Extracted material.
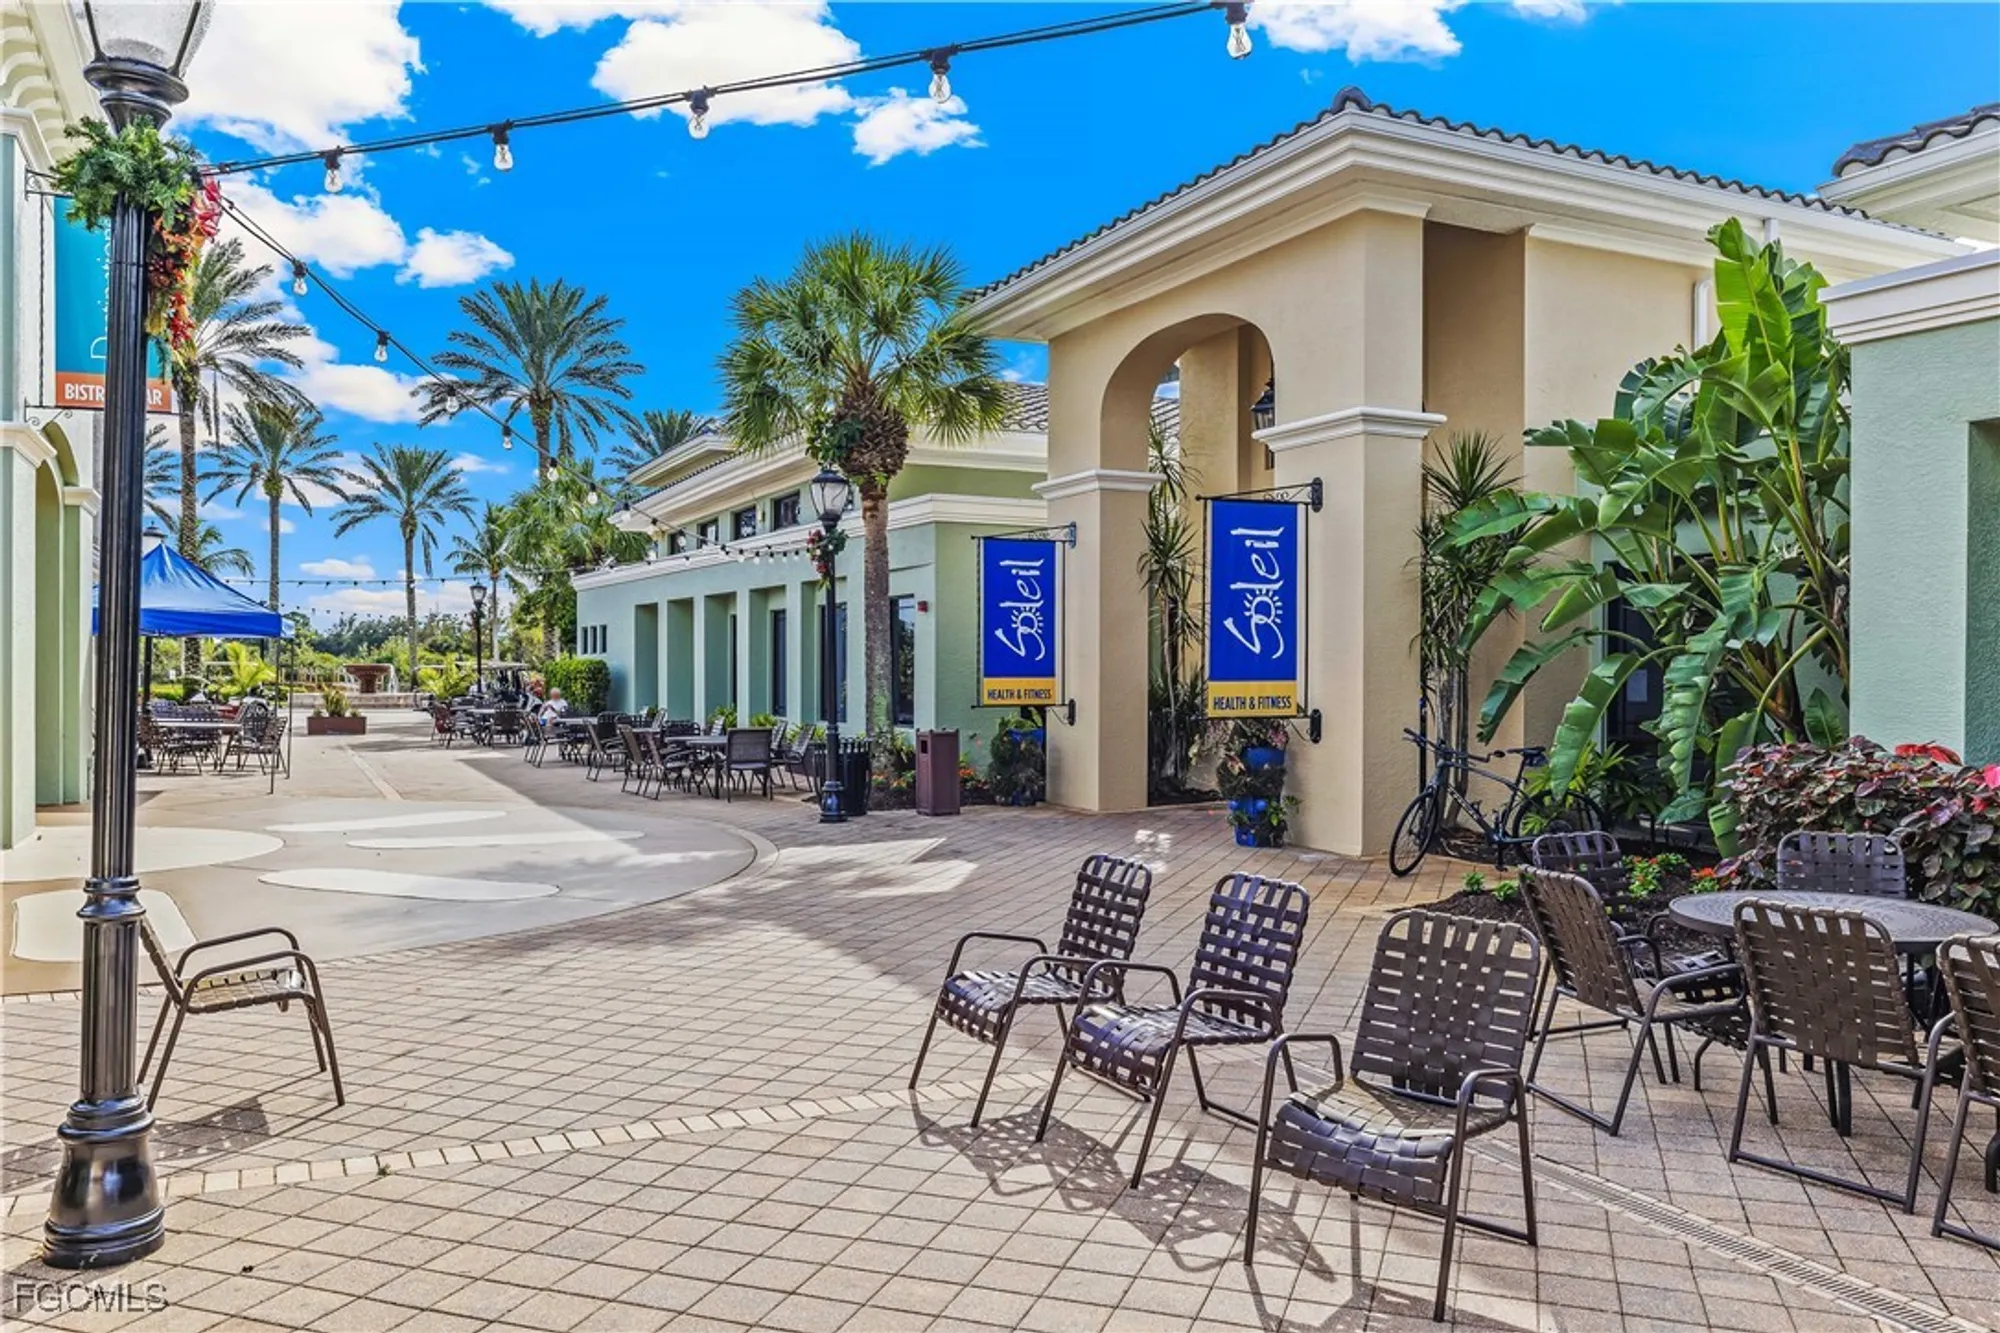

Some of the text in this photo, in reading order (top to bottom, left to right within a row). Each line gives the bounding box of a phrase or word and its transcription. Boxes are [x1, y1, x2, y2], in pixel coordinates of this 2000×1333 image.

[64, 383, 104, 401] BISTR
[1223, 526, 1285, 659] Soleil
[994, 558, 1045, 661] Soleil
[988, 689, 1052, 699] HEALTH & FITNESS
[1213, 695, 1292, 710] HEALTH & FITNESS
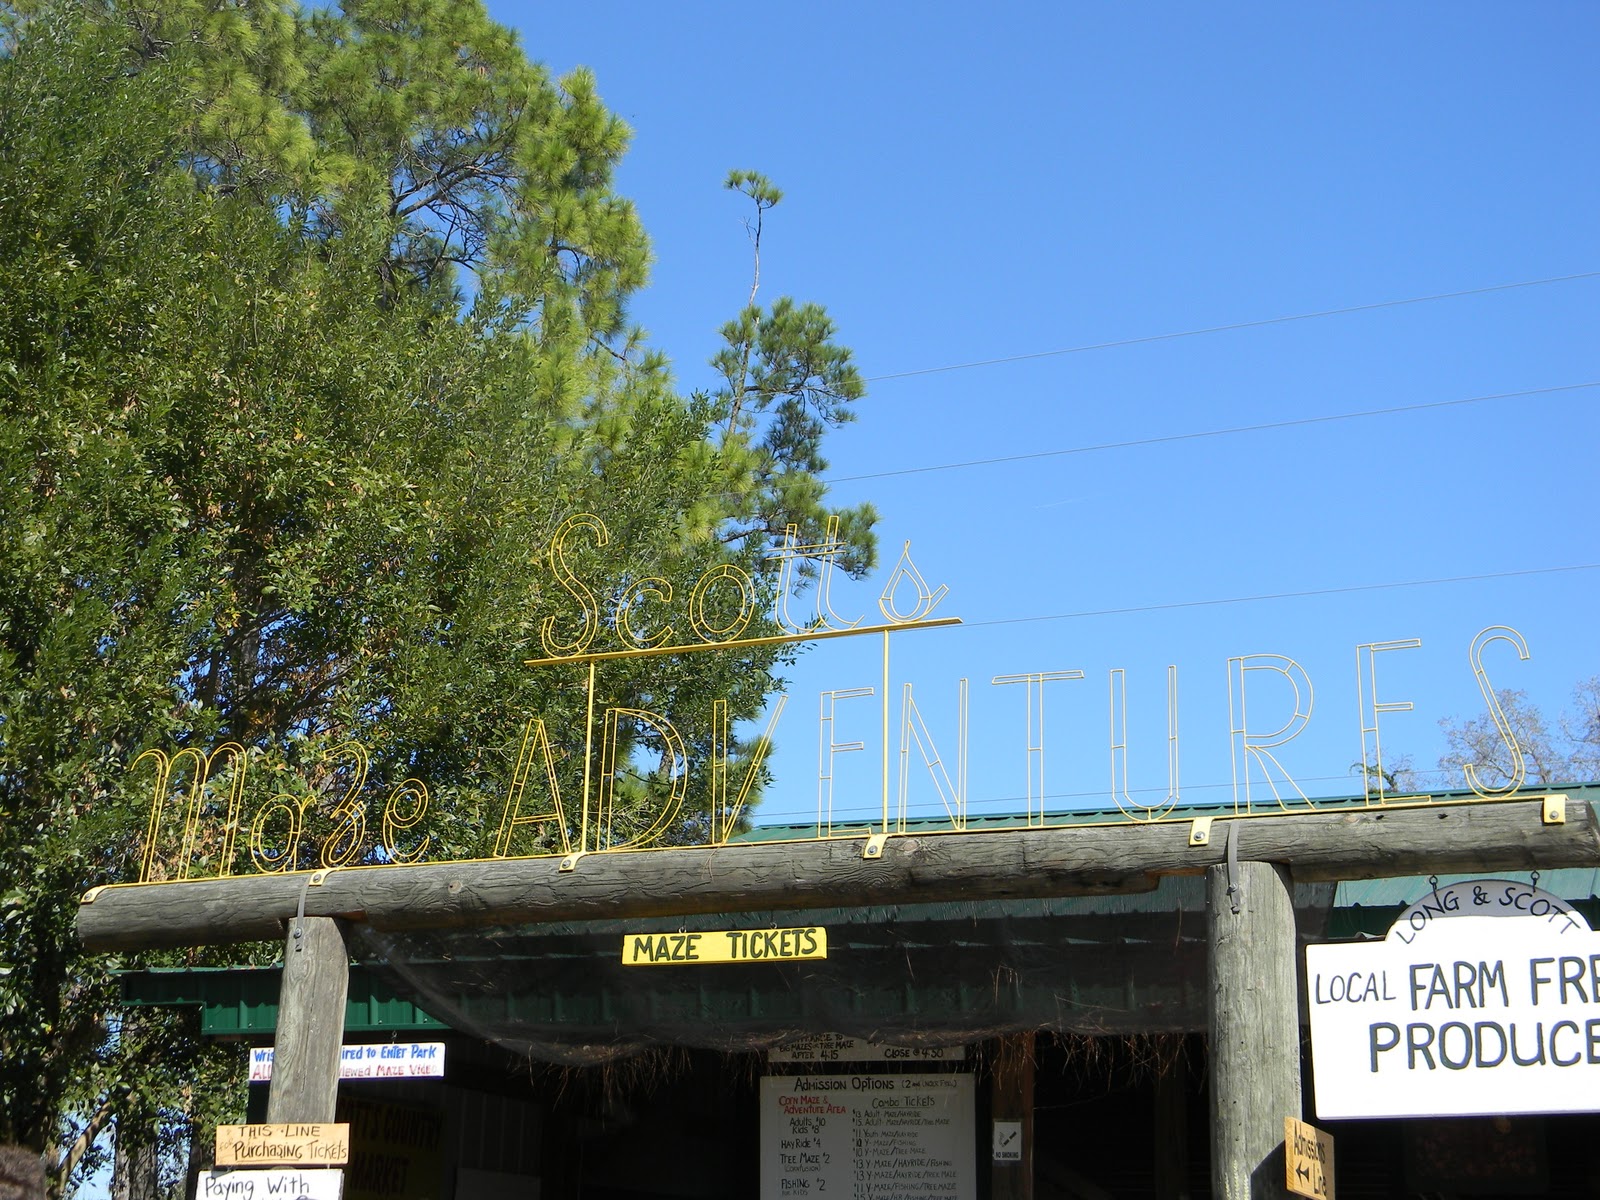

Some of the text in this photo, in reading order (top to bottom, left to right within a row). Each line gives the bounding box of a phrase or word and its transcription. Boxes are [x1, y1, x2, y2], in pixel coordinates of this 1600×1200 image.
...
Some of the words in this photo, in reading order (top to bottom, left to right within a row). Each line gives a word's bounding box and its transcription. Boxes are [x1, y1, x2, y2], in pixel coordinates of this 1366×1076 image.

Your instructions. Exactly the lines above, from the one containing "this 2000×1333 image." down to the one containing "this 1600×1200 image.", are to be repeated, including both ends. Pictures are not part of the copy.

Problem solution.
Some of the text in this photo, in reading order (top to bottom, left to right within a row). Each line gives the bounding box of a phrase or word and its transcription. Boxes are [x1, y1, x2, y2], in pixel coordinates of this 2000×1333 image.

[64, 383, 104, 401] BISTR
[1223, 526, 1285, 659] Soleil
[994, 558, 1045, 661] Soleil
[988, 689, 1052, 699] HEALTH & FITNESS
[1213, 695, 1292, 710] HEALTH & FITNESS

Some of the text in this photo, in reading order (top to bottom, left to right within a row). Each line gives the bounding box of a phrase or word and its transcription. Boxes are [x1, y1, x2, y2], in pixel coordinates of this 1600×1200 image.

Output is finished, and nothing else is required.